Well, old books actually - I got four lovely ballet books for Christmas so thought I would tell you all about them!

The first is called "Studies of the Sadler's Wells Ballet Company" by Gordon Anthony (1947). It contains 65 large photographs of dancers from the company from lots of ballets, all the usual ones but also some I have never heard of, such as the Gorbals, Adam Zero, Les Sirenes, and the Masque of the Fairy Queen. I'll list the dancers;
Frederick Ashton, Jean Bedells, Pauline Clayden, Margaret Dale, David Davenport, Leslie Edwards, Richard Ellis, Julia Farron, Margot Fonteyn, Beryl Grey, John Hart, Robert Helpmann, Gerd Larsen, Gillian Lynne, Pamela May, Lorna Mossford, Avril Navarre, Anne Negus, Palma Nye, David Paltenghi, Violetta Prokohorova, Alexis Rassine, Moira Shearer, Joan Sheldon, Michael Somes, Norman Thompson, Harold Turner, Peter Franklin White, and Alexander Grant. My favourite picture is of Robert Helpmann as Adelino Canberra in Les Sirenes. He is wearing a striped knee length unitard (maybe a bathing costume?) and is doing a head stand underneath a giant dolphin which is leaping out of the sea! I also liked part of the foreword, written by the author. He said, "It is mainly by the use of books... that such artists are able to take their deserved and honoured places in the permanant records of contemporary ballet...".

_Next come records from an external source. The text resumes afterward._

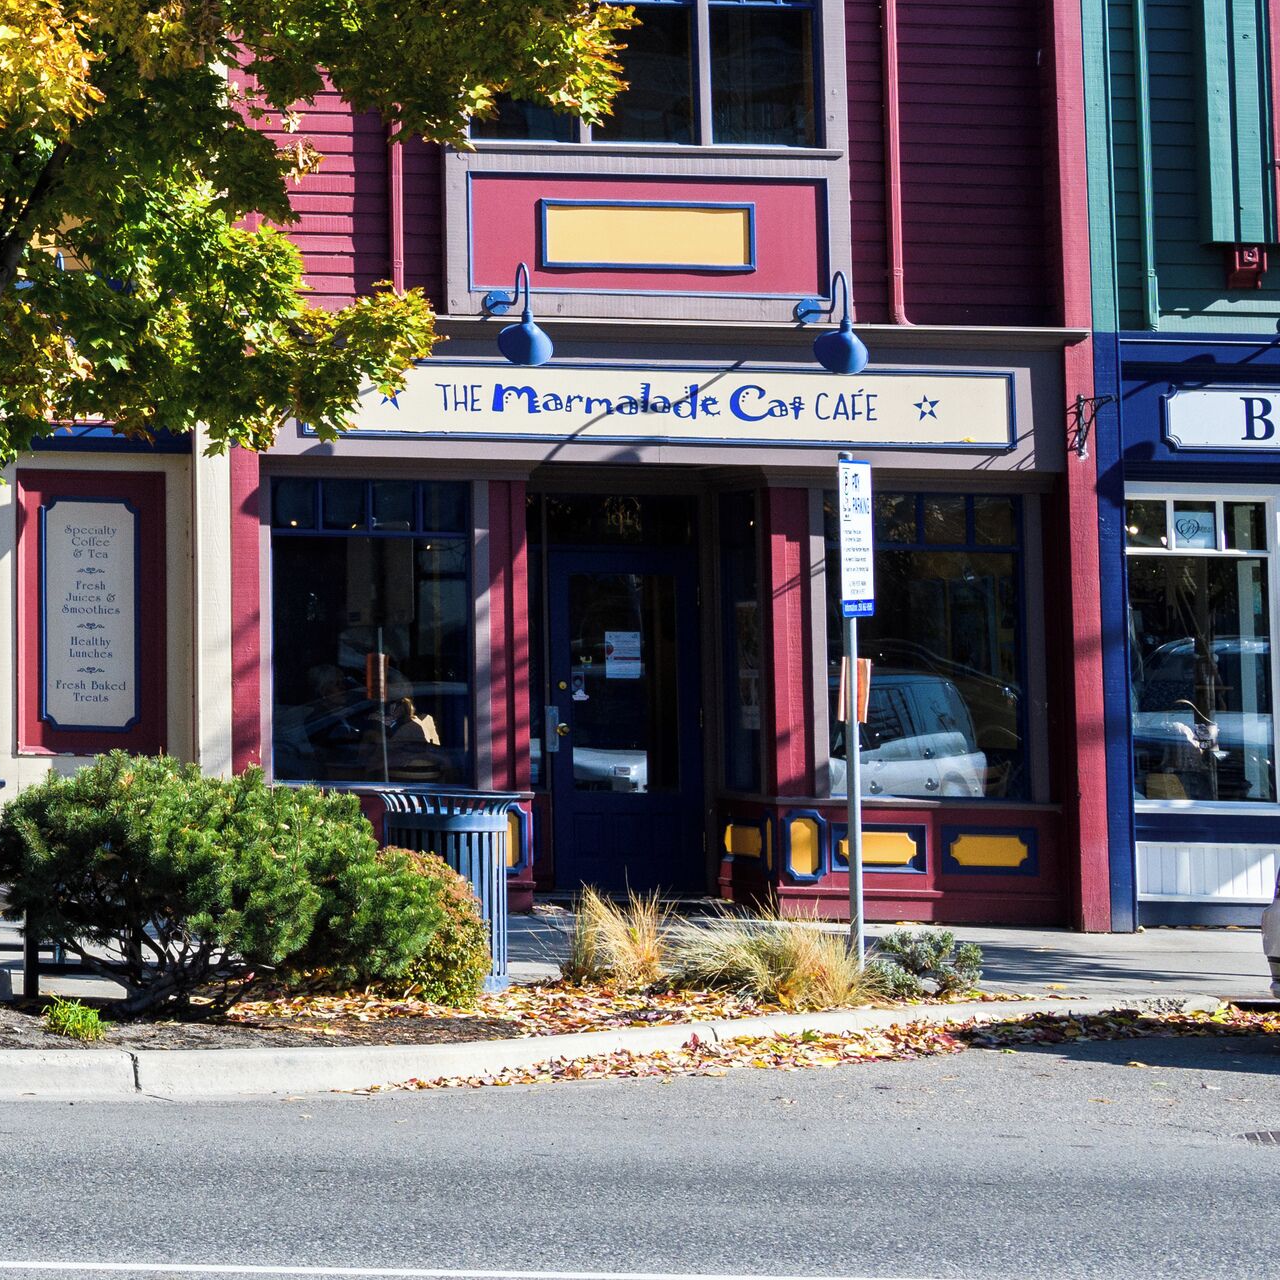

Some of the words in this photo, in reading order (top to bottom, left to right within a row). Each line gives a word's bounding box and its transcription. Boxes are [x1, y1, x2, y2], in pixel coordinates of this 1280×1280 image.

[435, 383, 482, 411] THE
[492, 383, 721, 420] Marmalade
[729, 384, 805, 421] Cat
[815, 389, 878, 420] CAFÉ
[64, 524, 118, 538] Specialty
[71, 536, 111, 547] Coffee
[73, 549, 83, 559] &
[88, 549, 109, 559] Tea
[75, 580, 106, 591] Fresh
[65, 592, 102, 602] Juices
[106, 593, 117, 603] &
[61, 604, 121, 615] Smoothies
[70, 636, 112, 650] Healthy
[69, 648, 113, 659] Lunches
[55, 679, 87, 691] Fresh
[91, 680, 127, 692] Baked
[72, 691, 110, 703] Treats

The second book is called "Ulanova - her Childhood and Schooldays" by M. Sizova and translated by Marie Rambert (1959). It is written like a story and has pretty illustrations. The book ends when Ulanova joined the Bolshoi. I was very excited to find, tucked into the back of the book, two newspaper cuttings and an advertisement. The first was from 1978, and is an interview with Marie Rambert on the day before her 90th birthday. It tells her life story briefly, she sounds like a fascinating lady! I liked this part, "It was not a triangle between me, Diaghilev and Nijinsky. I wish it had been; but it wasn't because I got no response from Nijinsky at all. I was in love with him but he wasn't a bit in love with me and I didn't make any efforts because I assumed he was homosexual (which he was) and lived with Diaghilev, so that my love was hopeless." Isn't that sad? The second cutting is from 1983 and is a review of Ballet Rambert at Sadler's Wells in a tribute to Marie Rambert. The programme included Ashton's oldest surviving ballet (I wonder if this is still the case?) Capriol Suite (1930), Ashton's Brahms Waltzes, Nijinsky's L'Apres-midi d'un faune, Robert North's Pribaouki and Richard Alston's Rite of Spring. An amusing snippet is a criticism of Christopher Bruce as the Faun - the reviewer says "It seems all his muscles have moved from his legs to his brain, and his performance has little of the animal quality that once made it special." Finally, tucked away was a little flyer advertising Ballet Rambert at the Brighton Festival in 1982, where they danced North's Lonely Town, Lonely Street, Taylor's Airs and Alston's Rite of Spring in one programme, Alston's Night Music, North's "new ballet" (set to Stravinsky with designs inspired by Picasso) and Bruce's Ghost Dances. There was also an introduction to Ballet Rambert for young people showing the company's styles and works. I was very glad the person who owned the book before me had saved the cuttings - it's interesting stuff!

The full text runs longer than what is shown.